**What is required**
Copy out every line of the data exactly.

**Exercise input**
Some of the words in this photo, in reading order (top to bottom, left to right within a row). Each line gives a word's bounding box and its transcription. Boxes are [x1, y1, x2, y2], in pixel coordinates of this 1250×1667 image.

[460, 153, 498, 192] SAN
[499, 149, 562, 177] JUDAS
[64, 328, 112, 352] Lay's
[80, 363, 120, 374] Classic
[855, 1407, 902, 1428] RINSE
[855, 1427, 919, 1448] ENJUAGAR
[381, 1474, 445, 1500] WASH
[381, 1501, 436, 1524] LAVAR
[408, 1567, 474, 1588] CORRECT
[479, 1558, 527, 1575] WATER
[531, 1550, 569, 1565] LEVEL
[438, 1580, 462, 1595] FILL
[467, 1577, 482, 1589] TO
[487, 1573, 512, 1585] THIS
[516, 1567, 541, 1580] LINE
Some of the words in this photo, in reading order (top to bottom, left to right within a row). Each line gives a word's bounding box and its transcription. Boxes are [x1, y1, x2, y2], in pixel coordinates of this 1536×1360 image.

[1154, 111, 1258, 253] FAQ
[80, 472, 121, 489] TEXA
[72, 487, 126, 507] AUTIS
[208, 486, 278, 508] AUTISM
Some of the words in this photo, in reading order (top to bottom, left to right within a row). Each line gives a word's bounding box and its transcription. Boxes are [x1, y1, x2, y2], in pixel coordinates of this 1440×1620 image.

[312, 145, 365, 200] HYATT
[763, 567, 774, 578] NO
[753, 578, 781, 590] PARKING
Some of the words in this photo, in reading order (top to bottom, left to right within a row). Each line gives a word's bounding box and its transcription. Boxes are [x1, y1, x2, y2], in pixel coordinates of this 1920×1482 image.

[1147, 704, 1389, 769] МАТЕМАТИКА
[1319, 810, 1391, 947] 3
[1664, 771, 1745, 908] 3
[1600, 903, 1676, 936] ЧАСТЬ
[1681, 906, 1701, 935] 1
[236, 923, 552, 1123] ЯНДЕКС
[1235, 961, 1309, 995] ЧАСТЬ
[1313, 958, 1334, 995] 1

**Response for this exercise**
Some of the words in this photo, in reading order (top to bottom, left to right within a row). Each line gives a word's bounding box and its transcription. Boxes are [x1, y1, x2, y2], in pixel coordinates of this 1250×1667 image.

[460, 153, 498, 192] SAN
[499, 149, 562, 177] JUDAS
[64, 328, 112, 352] Lay's
[80, 363, 120, 374] Classic
[855, 1407, 902, 1428] RINSE
[855, 1427, 919, 1448] ENJUAGAR
[381, 1474, 445, 1500] WASH
[381, 1501, 436, 1524] LAVAR
[408, 1567, 474, 1588] CORRECT
[479, 1558, 527, 1575] WATER
[531, 1550, 569, 1565] LEVEL
[438, 1580, 462, 1595] FILL
[467, 1577, 482, 1589] TO
[487, 1573, 512, 1585] THIS
[516, 1567, 541, 1580] LINE
Some of the words in this photo, in reading order (top to bottom, left to right within a row). Each line gives a word's bounding box and its transcription. Boxes are [x1, y1, x2, y2], in pixel coordinates of this 1536×1360 image.

[1154, 111, 1258, 253] FAQ
[80, 472, 121, 489] TEXA
[72, 487, 126, 507] AUTIS
[208, 486, 278, 508] AUTISM
Some of the words in this photo, in reading order (top to bottom, left to right within a row). Each line gives a word's bounding box and its transcription. Boxes are [x1, y1, x2, y2], in pixel coordinates of this 1440×1620 image.

[312, 145, 365, 200] HYATT
[763, 567, 774, 578] NO
[753, 578, 781, 590] PARKING
Some of the words in this photo, in reading order (top to bottom, left to right within a row). Each line gives a word's bounding box and its transcription. Boxes are [x1, y1, x2, y2], in pixel coordinates of this 1920×1482 image.

[1147, 704, 1389, 769] МАТЕМАТИКА
[1319, 810, 1391, 947] 3
[1664, 771, 1745, 908] 3
[1600, 903, 1676, 936] ЧАСТЬ
[1681, 906, 1701, 935] 1
[236, 923, 552, 1123] ЯНДЕКС
[1235, 961, 1309, 995] ЧАСТЬ
[1313, 958, 1334, 995] 1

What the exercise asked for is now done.